Had the country taken such an approach, there might have been no need for the new power stations, carbon dioxide emissions could have been reduced, and we’d have had healthier air to breathe.
Figure 1: Global atmospheric carbon dioxide concentrations (Source: https://www.climate.gov/news-features/understanding-climate/climate-change-atmospheric-carbon-dioxide)
The idea in context
SA gets 85% of its power from coal, a reason why we are the world’s 14th largest emitter of greenhouse gases despite being only the 35th largest economy. The health costs of coal-fired electricity generation are significant, arising not only from the contribution to climate change[1] but from the air pollution[2] and water scarcity[3] that results.

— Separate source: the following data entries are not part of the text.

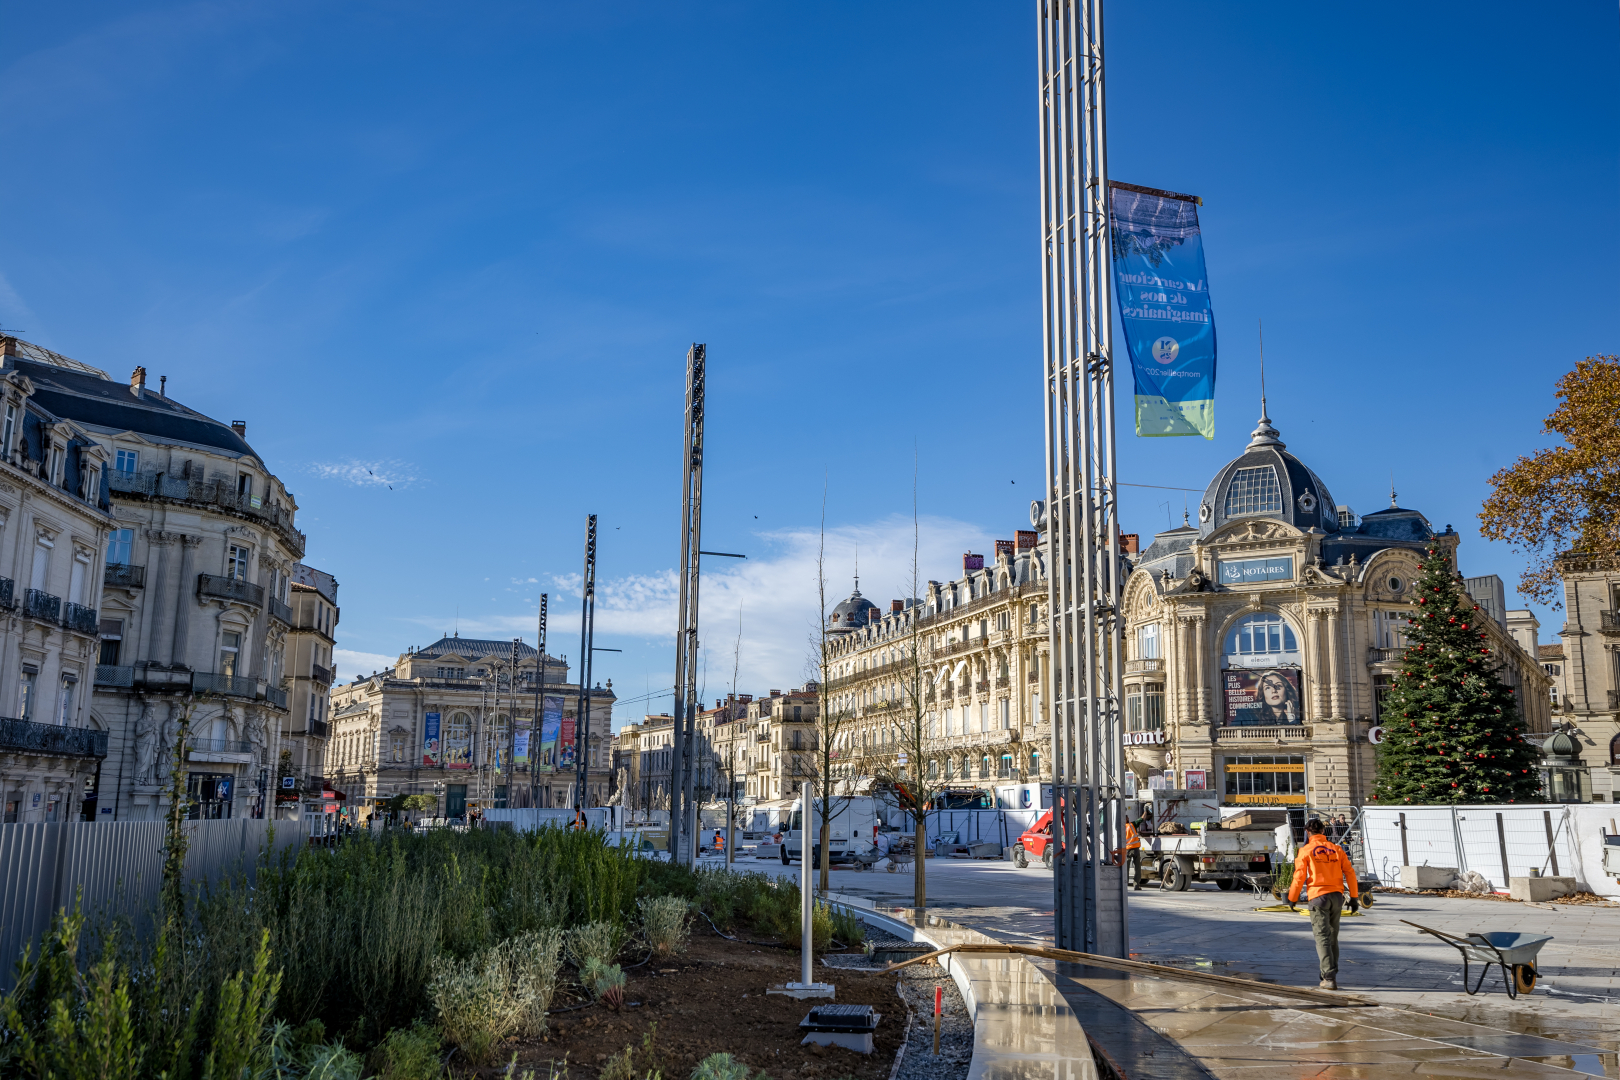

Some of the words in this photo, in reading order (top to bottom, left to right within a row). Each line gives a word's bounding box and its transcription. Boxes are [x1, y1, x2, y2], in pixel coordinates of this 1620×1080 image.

[1241, 566, 1285, 577] NOTAIRES
[1228, 695, 1254, 703] HISTOIRES
[1228, 702, 1263, 710] COMMENCENT
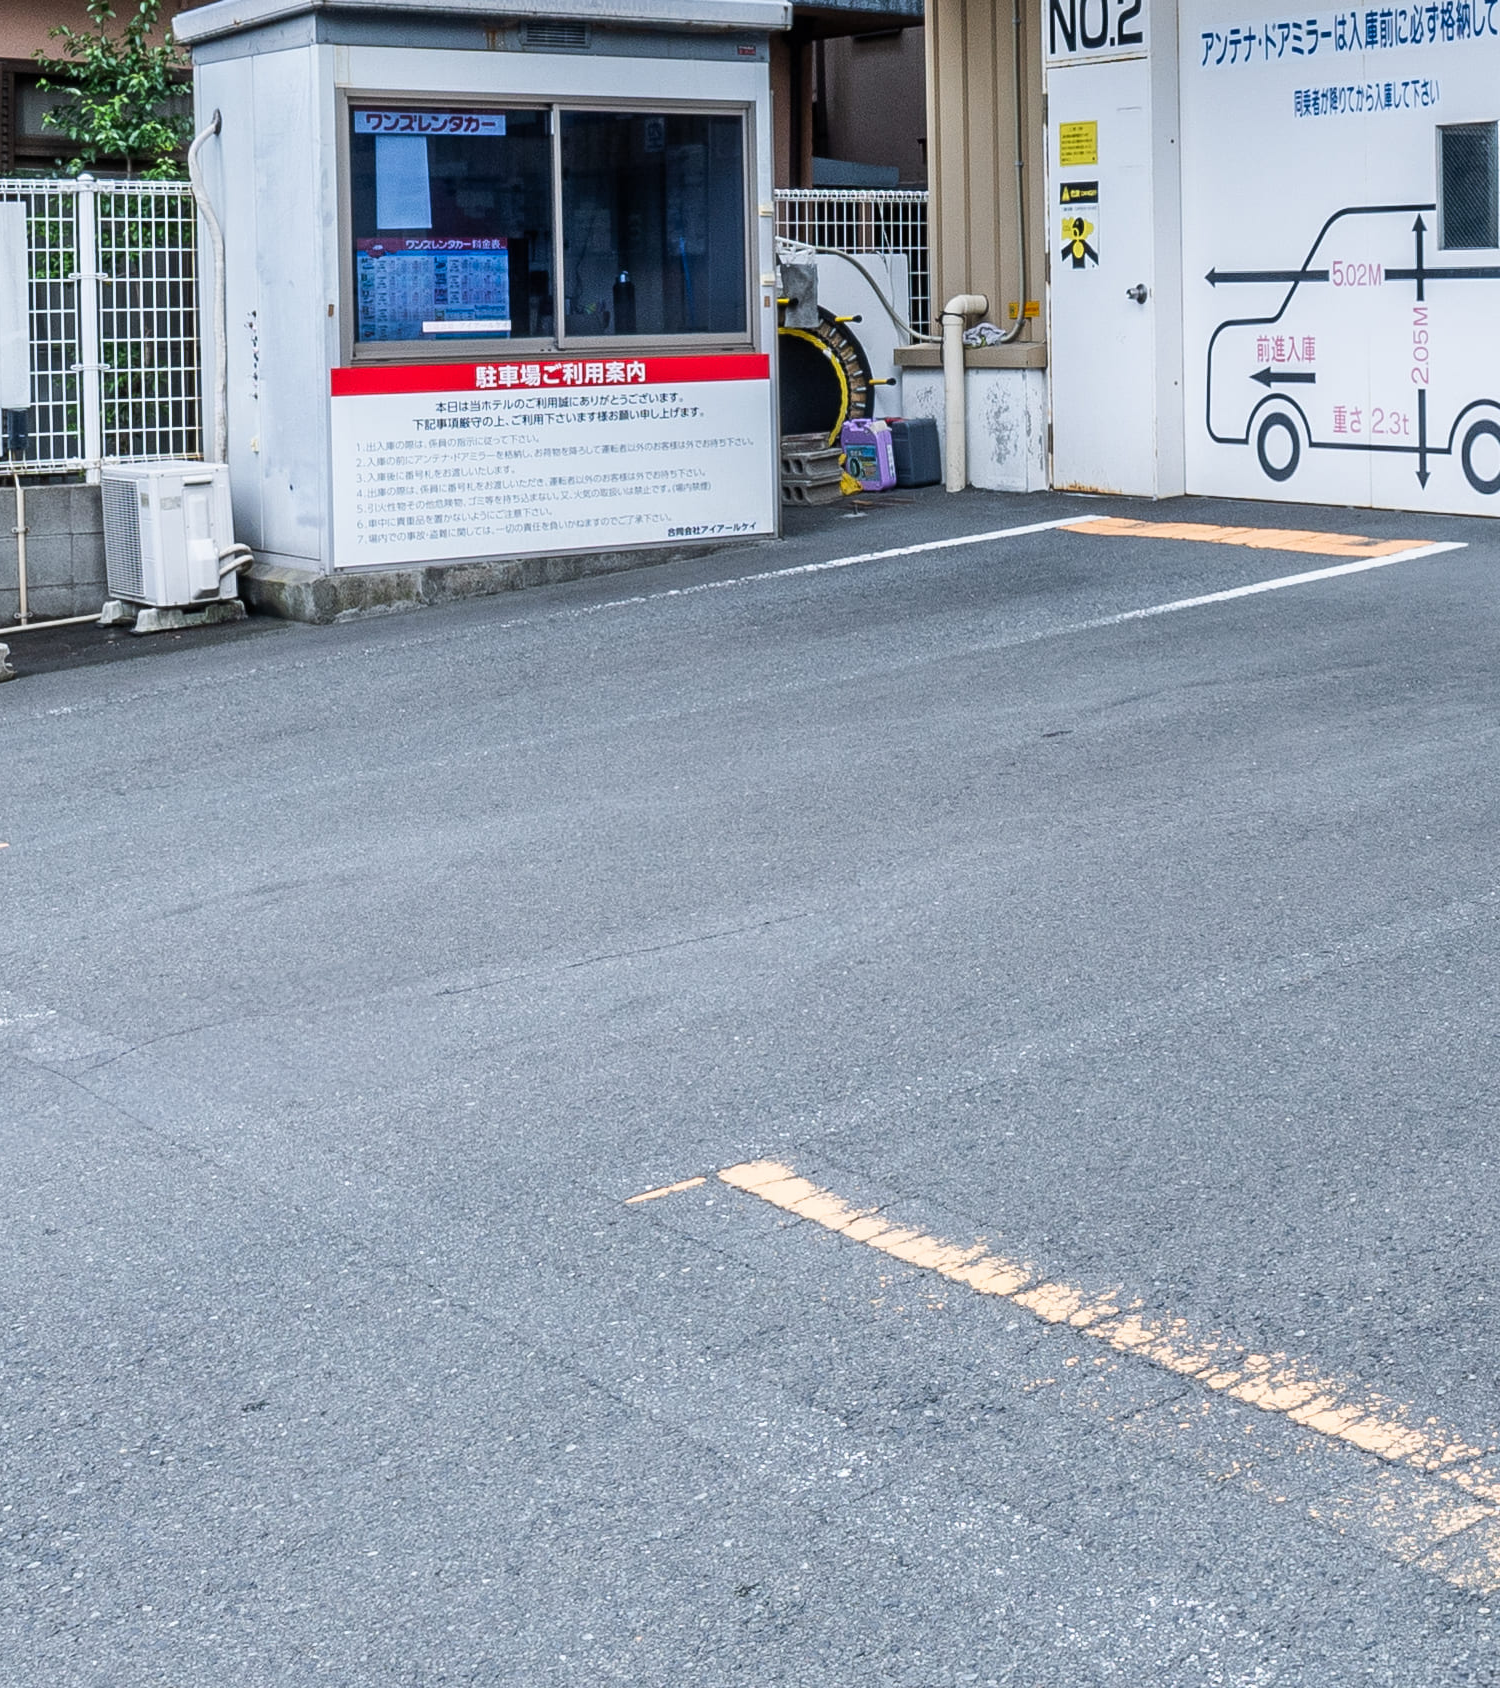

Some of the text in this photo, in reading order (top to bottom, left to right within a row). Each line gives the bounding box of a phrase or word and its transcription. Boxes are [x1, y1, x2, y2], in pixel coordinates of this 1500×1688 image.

[1293, 79, 1440, 119] 同乗者が降りてから入庫して下さい
[365, 113, 496, 133] ワンズレンタカー
[1331, 260, 1382, 288] 5.02M
[1256, 335, 1317, 364] 前進入庫
[1410, 306, 1430, 385] 2.05M
[475, 362, 646, 388] 駐車場ご利用案内
[435, 392, 685, 413] 本日は当ホテルのご利用誠にありがとうございます。
[412, 407, 705, 432] 下記事項厳守の上、ご利用下さいます様お願い申し上げます。
[1333, 405, 1410, 437] 重さ 2.3t

The student’s Green Bond project explored the idea that enough energy could be saved, or produced, by domestic households to avoid the need to build Kusile or Medupi, while helping to lower South Africa’s carbon footprint and reduce net household electricity costs. The proposal was for introducing what she called Energy Efficiency (EE) interventions along with renewable energy from photovoltaic (PV) (solar) cells and small wind turbines.

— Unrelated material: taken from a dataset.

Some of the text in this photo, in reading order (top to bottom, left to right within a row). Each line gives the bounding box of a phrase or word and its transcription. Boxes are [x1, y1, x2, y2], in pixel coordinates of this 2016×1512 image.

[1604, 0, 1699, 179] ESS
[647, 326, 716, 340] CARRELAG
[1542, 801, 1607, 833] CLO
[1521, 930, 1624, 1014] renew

Figure 2: Using electricity from the grid – and feeding it in
The questions were:
How much would these interventions cost each household?
What would it cost government?
What would this look like, scaled across SA as a whole?
Cape Town’s households
In 2011 there were 800,000 formal households in Cape Town, with 40% classified as mid-to-high income, and 60% as low income. A mid to high income household was defined as having 6 rooms: a kitchen, a living room, 3 bedrooms and a bathroom. A low-income household was an RDP house, or a similarly styled and sized construction, with 2 to 4 rooms.
“EE” interventions
Proposed Energy Efficiency interventions in mid-high income households, were:
- installing a solar water heater (200 litres)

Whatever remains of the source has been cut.